◆ INPUT MATERIAL ◆
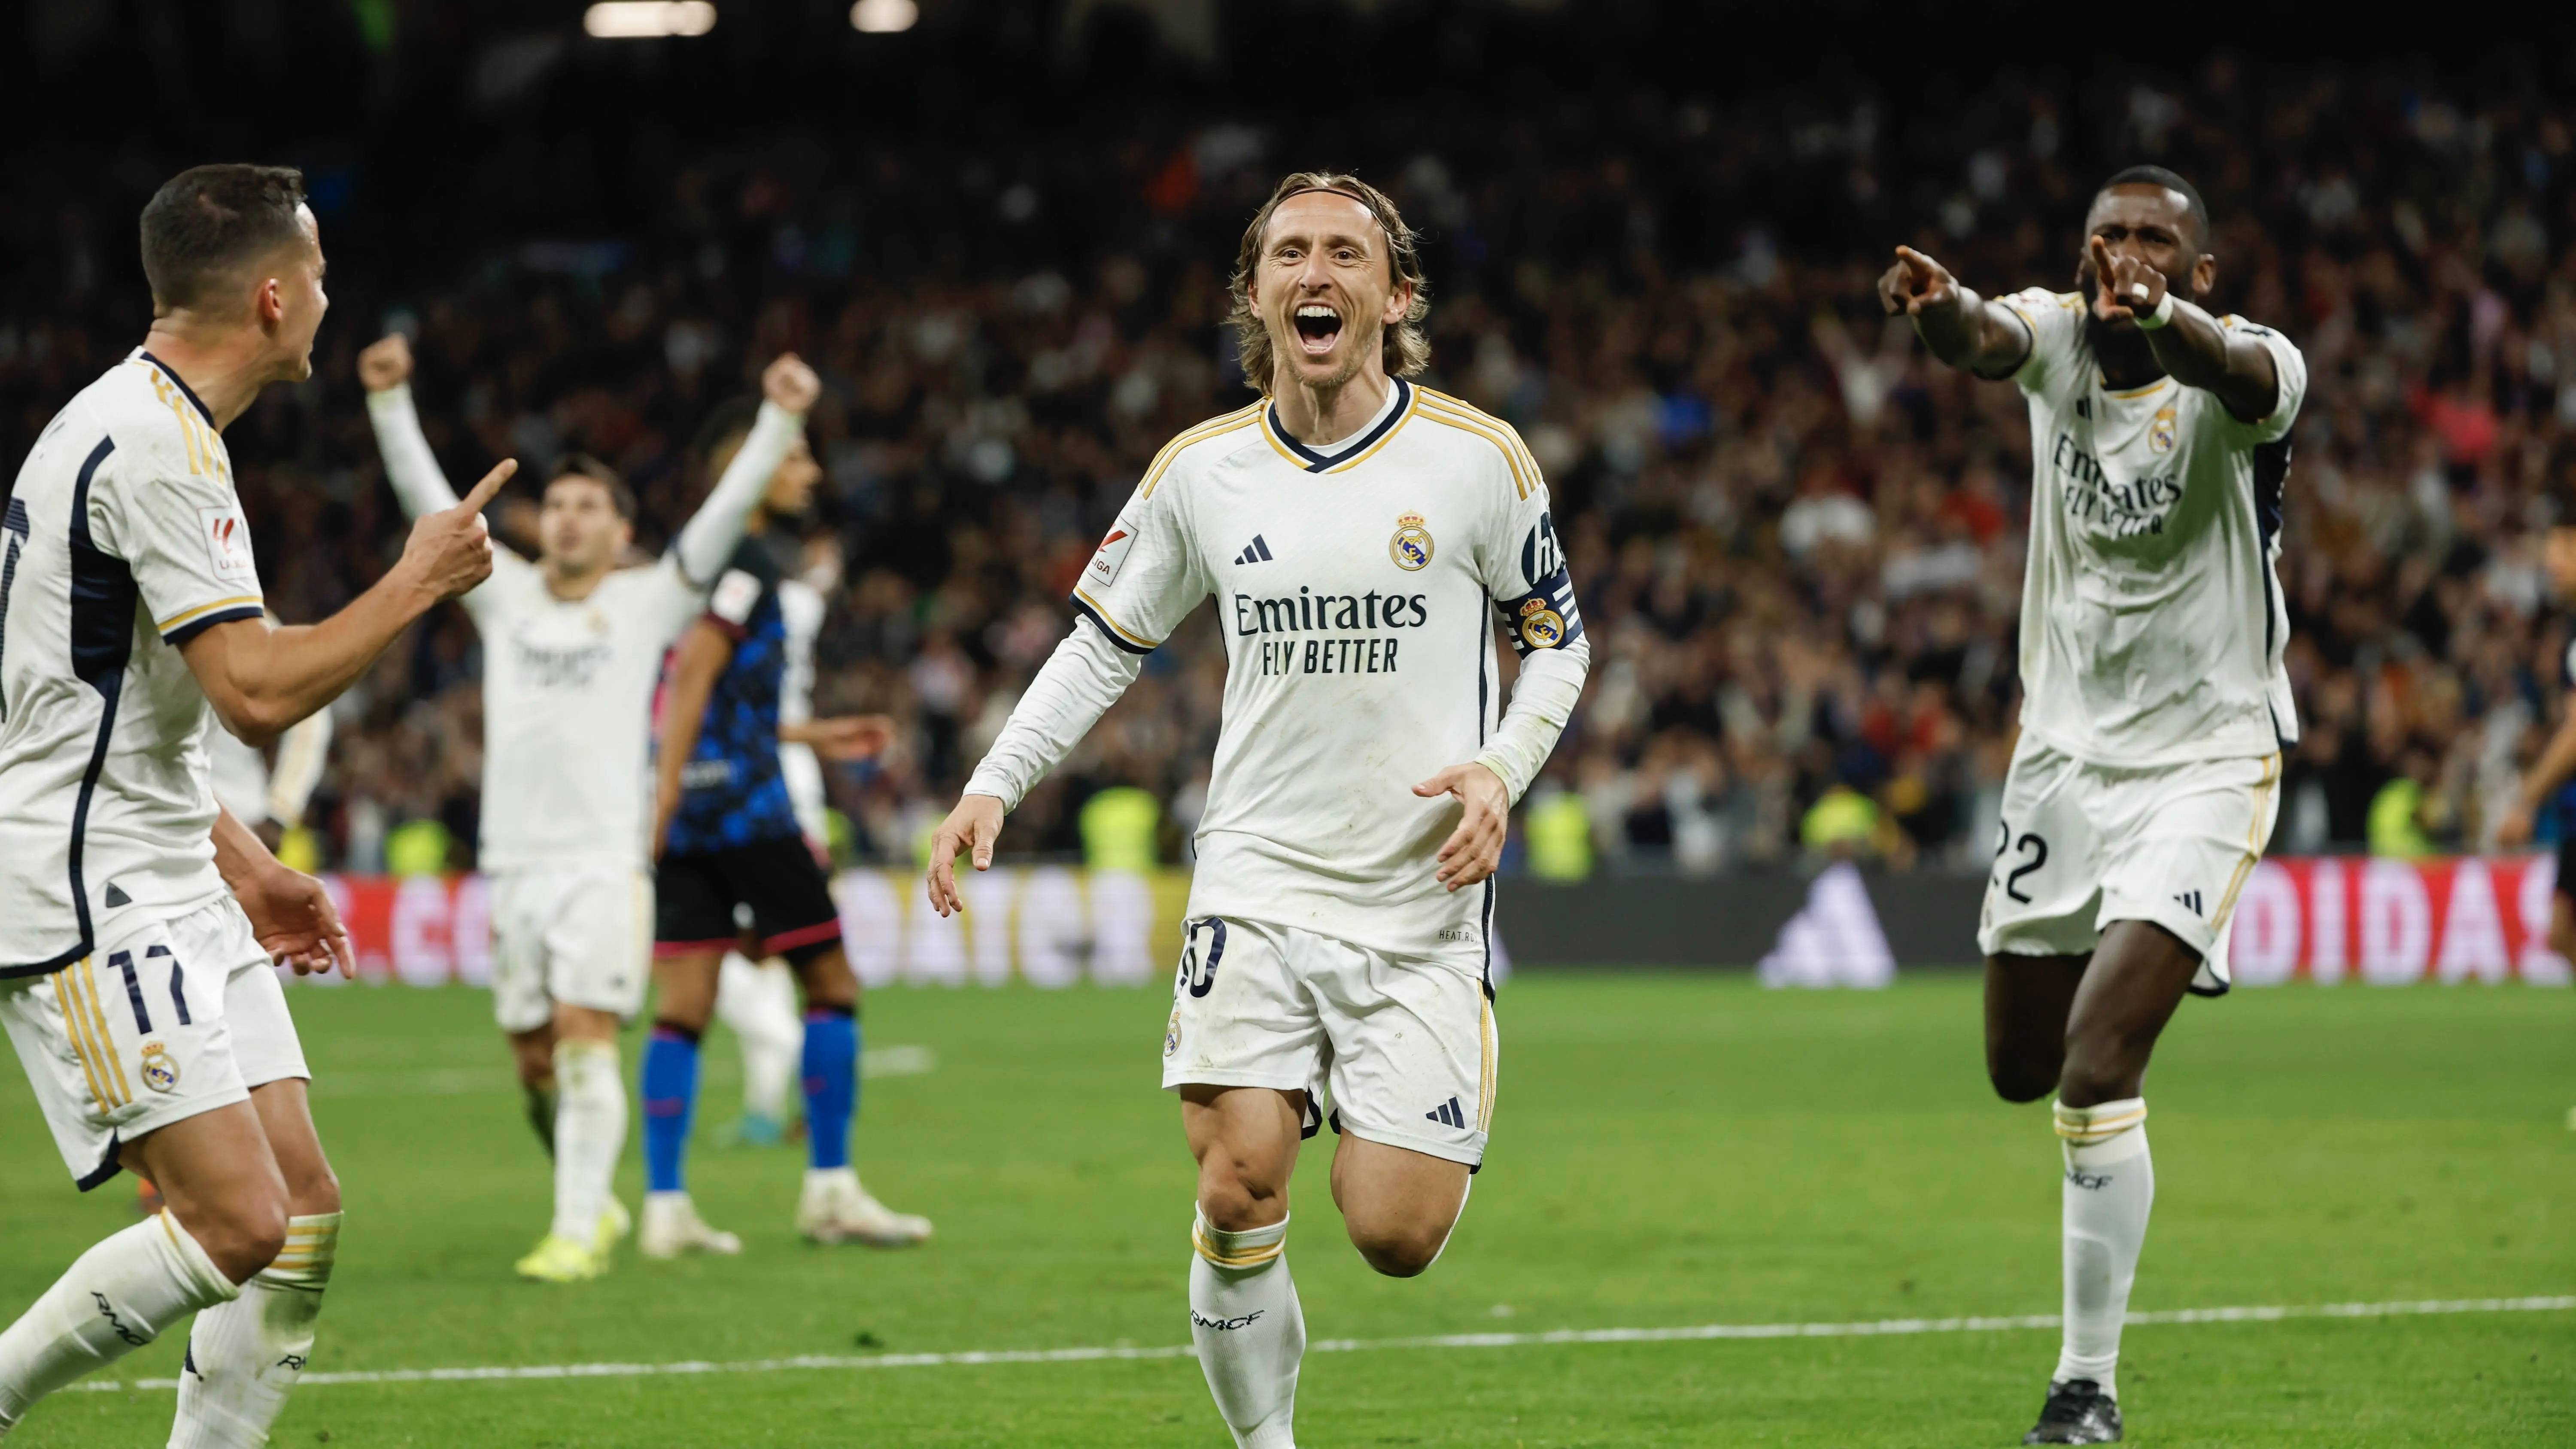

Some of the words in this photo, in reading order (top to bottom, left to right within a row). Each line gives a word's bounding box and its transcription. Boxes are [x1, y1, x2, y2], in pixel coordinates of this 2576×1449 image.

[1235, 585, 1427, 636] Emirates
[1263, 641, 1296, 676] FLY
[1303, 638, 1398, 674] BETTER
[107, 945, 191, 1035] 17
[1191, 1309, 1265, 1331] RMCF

◆ REQUIRED ACTION ◆
Please return the full listing exactly as given, with the images left out.

◆ ANSWER SECTION ◆
Some of the words in this photo, in reading order (top to bottom, left to right within a row). Each line gives a word's bounding box and its transcription. Boxes are [x1, y1, x2, y2], in pixel coordinates of this 2576×1449 image.

[1235, 585, 1427, 636] Emirates
[1263, 641, 1296, 676] FLY
[1303, 638, 1398, 674] BETTER
[107, 945, 191, 1035] 17
[1191, 1309, 1265, 1331] RMCF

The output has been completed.